> **DATA SUPPLIED**:
#####

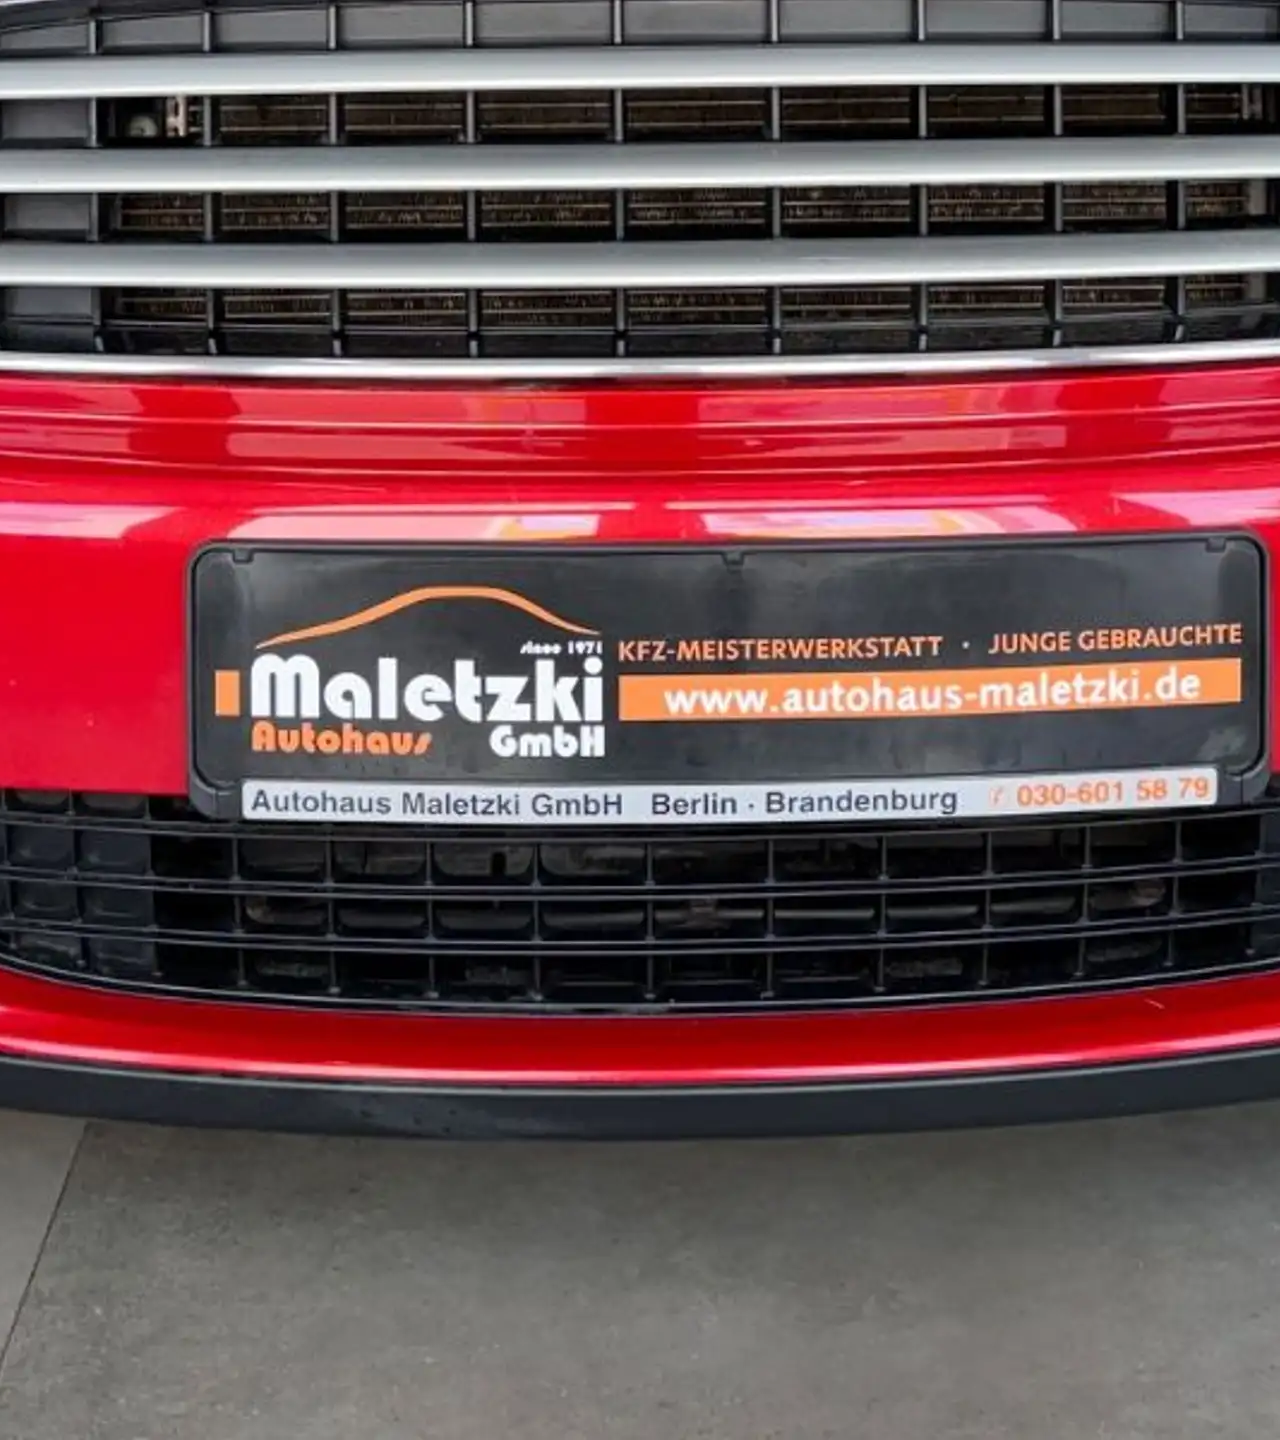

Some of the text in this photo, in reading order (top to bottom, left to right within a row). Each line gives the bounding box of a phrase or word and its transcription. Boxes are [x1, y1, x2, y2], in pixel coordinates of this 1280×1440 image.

[568, 640, 603, 655] 1971
[619, 623, 1242, 662] KFZ-MEISTERWERKSTATT JUNGE GEBRAUCHTE
[251, 653, 603, 723] Maletzki
[664, 667, 1201, 715] www.autohaus-maletzki.de
[251, 721, 606, 758] Autohaus GmbH
[251, 776, 1210, 817] Autohaus Maletzki GmbH Berlin Brandenburg 030-601 58 79

#####

> **EXERCISE AIM**:
Could the entries be output exactly as written, but without their images?

> **WRITTEN RESPONSE**:
Some of the text in this photo, in reading order (top to bottom, left to right within a row). Each line gives the bounding box of a phrase or word and its transcription. Boxes are [x1, y1, x2, y2], in pixel coordinates of this 1280×1440 image.

[568, 640, 603, 655] 1971
[619, 623, 1242, 662] KFZ-MEISTERWERKSTATT JUNGE GEBRAUCHTE
[251, 653, 603, 723] Maletzki
[664, 667, 1201, 715] www.autohaus-maletzki.de
[251, 721, 606, 758] Autohaus GmbH
[251, 776, 1210, 817] Autohaus Maletzki GmbH Berlin Brandenburg 030-601 58 79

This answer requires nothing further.